An Irish bank debt deal
Sir, – There is little doubt that we are indebted to our Minister for Finance and his colleagues for the outcome on the promissory note.
He again showed, however, that he needs to be careful with his dry wit and similes. When illustrating how inflation will take care of reducing the payments due at the end of the new long-term bonds, he used the example of the huge inflation in the value of the first house he purchased some 50 years ago. That was not the most apt comment in a situation where a lot of his listeners have had the opposite experience and that took only a few years. – Yours, etc,
Sir, – Whatever about its content, the headline on your leading article (“Frankfurt’s way”, February 8th) was a cheap shot; more Sunday Independent than Irish Times. In the editorial itself, you complain about “the lengthly circuitous process by which the deal was negotiated”. Did you really expect anything else?
You further complain about “ill-advised political declarations and warnings of catastrophe”. The loudest of such declarations have undoubtedly come from the media, your paper being no exception.
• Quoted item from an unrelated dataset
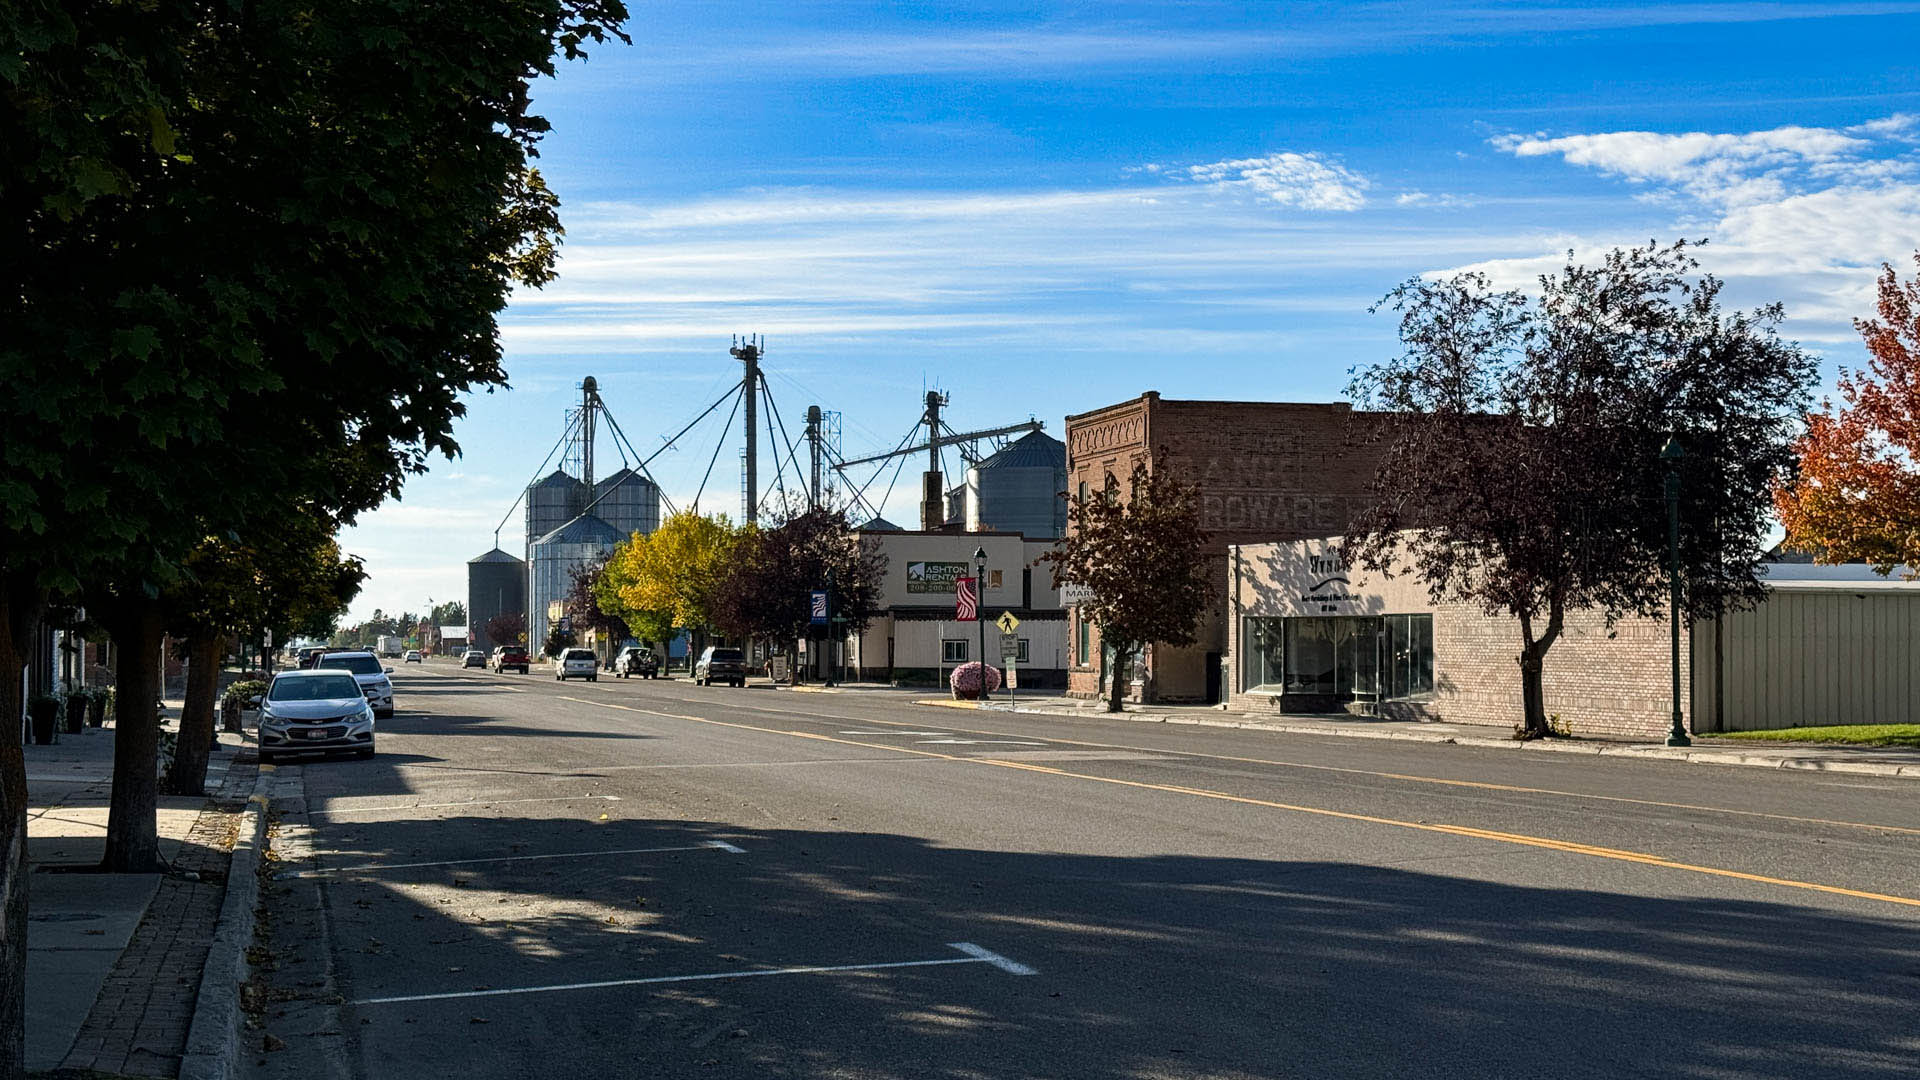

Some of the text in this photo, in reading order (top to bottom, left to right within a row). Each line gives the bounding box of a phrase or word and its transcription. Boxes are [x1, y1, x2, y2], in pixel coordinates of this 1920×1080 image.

[1203, 495, 1335, 529] RDWARE
[925, 565, 967, 574] ASHTON
[1065, 590, 1097, 599] MARK
If a good deal has been done in difficult circumstances, as I believe it has, why not give it a wholehearted “well done” instead of the mealy-mouthed acknowledgment you published on Friday. And just look at your Letters page! Was their any letter that thought the deal was okay? – Yours, etc,
Sir, – Thursday’s victory was Ireland’s financial Stalingrad, the Government held the line and then began turning the tide in Ireland’s war for economic freedom. Unfortunately, instead of congratulating the Government, the whingers are expecting an immediate overrun of Frankfurt and Berlin. – Yours, etc,
Sir, – Our Taoiseach, Minister for Finance and other Government sources have all chosen to use a mortgage analogy to explain the intricacies of the deal concluded on the promissory notes.
Michael Noonan used his personal circumstances to explain that the mortgage he took out in 1968 equated to his monthly salary some 25 years later. Mr Noonan neglected to mention that at the conclusion of his mortgage he received the title deeds to his home, a valuable asset which he could convert to cash or use.
My now six-year-old son will assume the burden of this repayment, yet will not be able to marvel at the architecture and infrastructure which €30 billion could have financed. He will complete his formative education in damp, cramped prefabricated structures, much as I did 40 years ago.
Ironically, the deal was completed with the tacit assent of the ECB, whose primary role is to contain inflationary pressures. It is unlikely we will witness such inflationary pressures as those which magicked away Mr Noonan’s mortgage.